About this task –
In the copy, include every record below exactly as it appears, but no pictures.

(Stored dataset items)
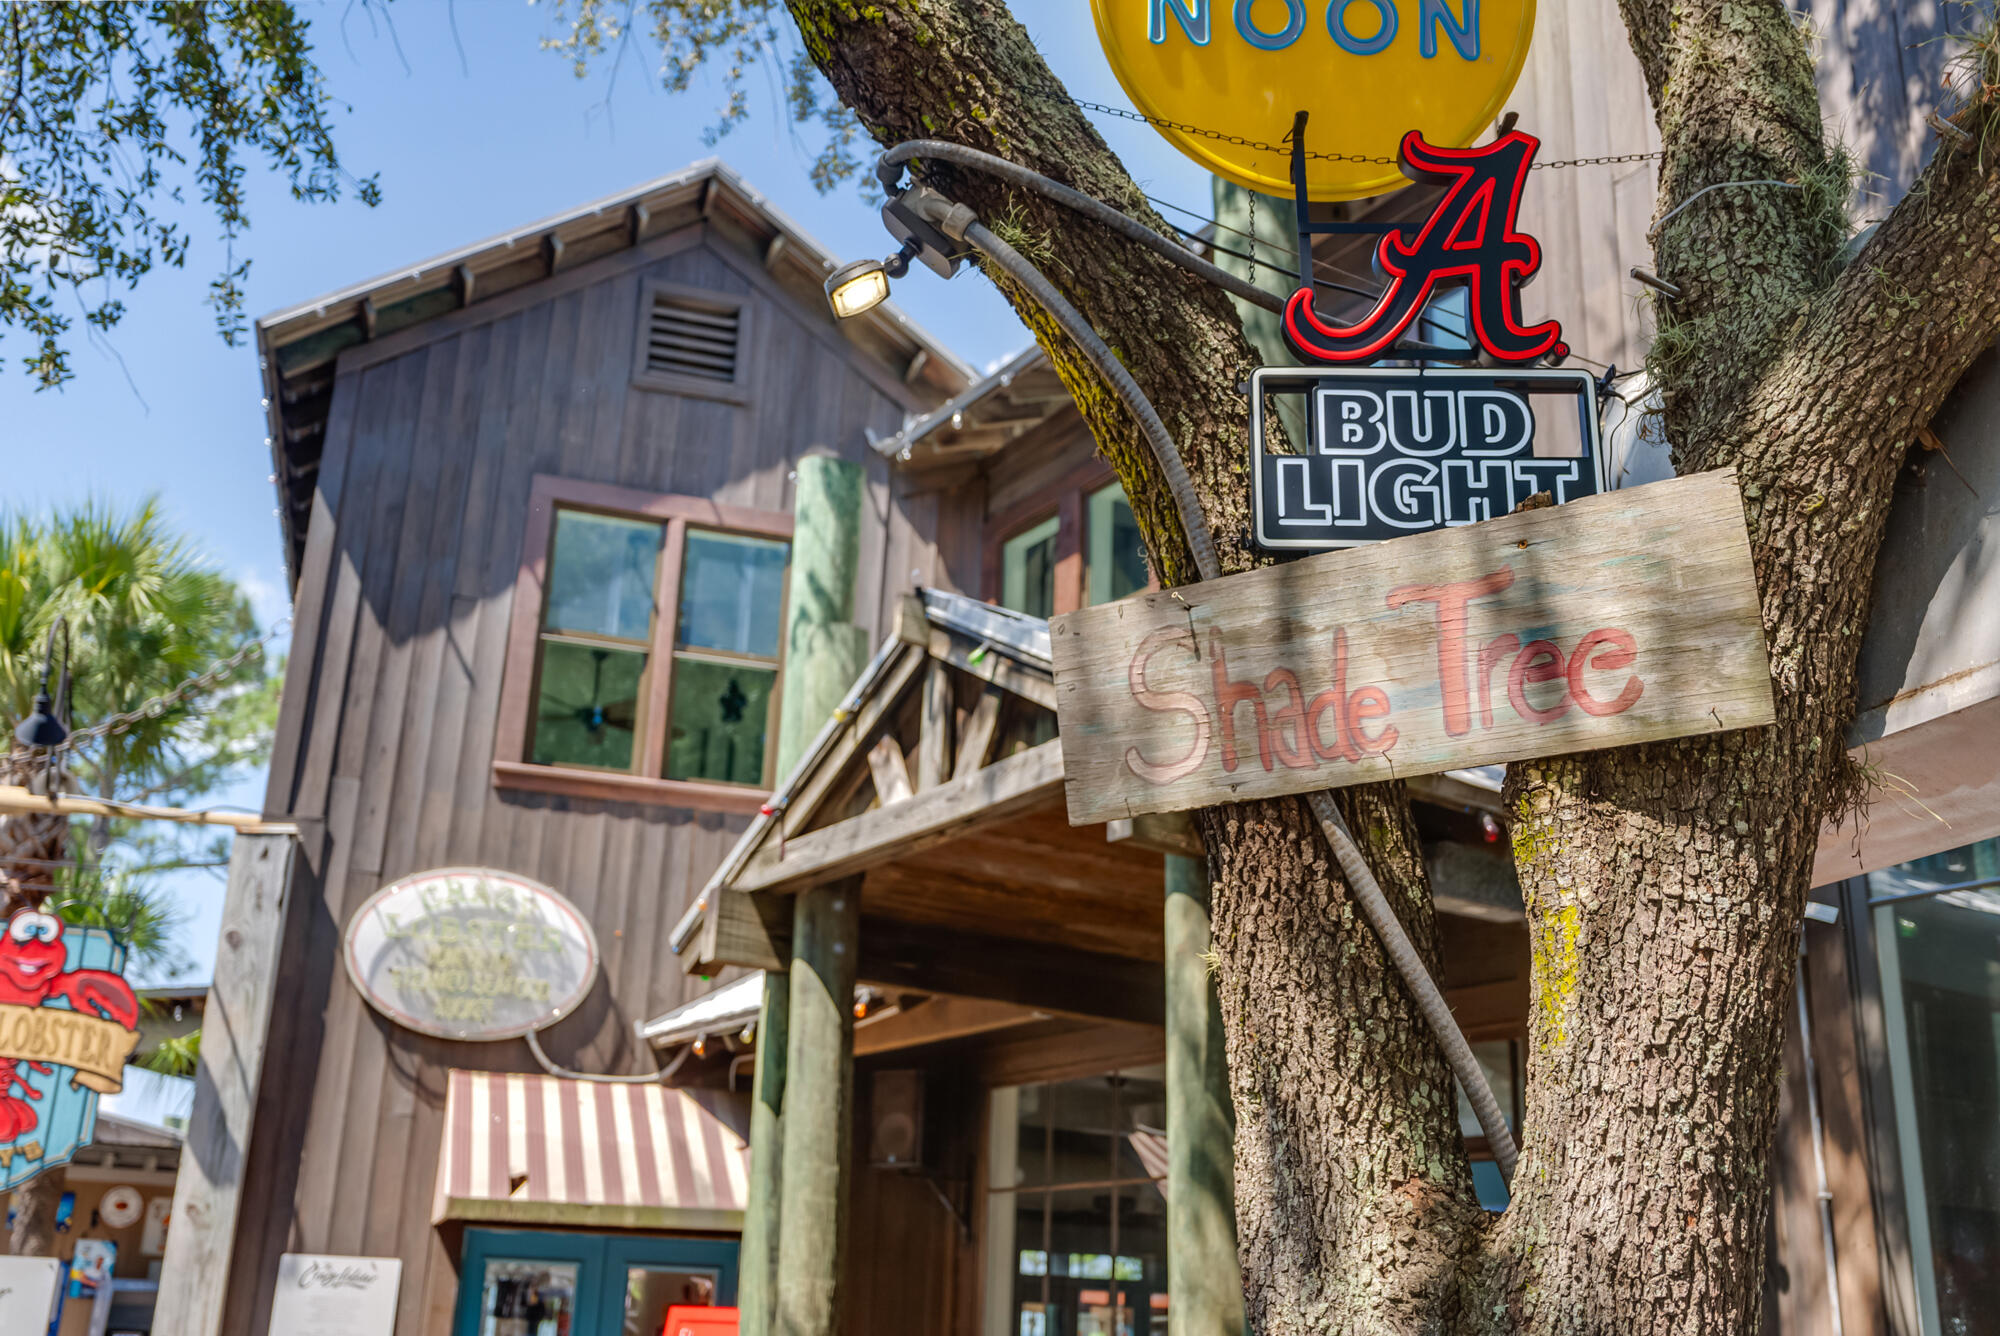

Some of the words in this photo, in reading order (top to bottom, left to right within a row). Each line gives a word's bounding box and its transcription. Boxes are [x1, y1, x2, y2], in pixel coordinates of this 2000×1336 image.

[1147, 0, 1482, 61] NOON
[1283, 129, 1561, 362] A
[1317, 389, 1533, 457] BUD
[1276, 457, 1579, 529] LIGHT
[1126, 624, 1400, 786] Shade
[1386, 565, 1646, 738] Tree

Solution for this task –
Some of the words in this photo, in reading order (top to bottom, left to right within a row). Each line gives a word's bounding box and its transcription. Boxes are [x1, y1, x2, y2], in pixel coordinates of this 2000×1336 image.

[1147, 0, 1482, 61] NOON
[1283, 129, 1561, 362] A
[1317, 389, 1533, 457] BUD
[1276, 457, 1579, 529] LIGHT
[1126, 624, 1400, 786] Shade
[1386, 565, 1646, 738] Tree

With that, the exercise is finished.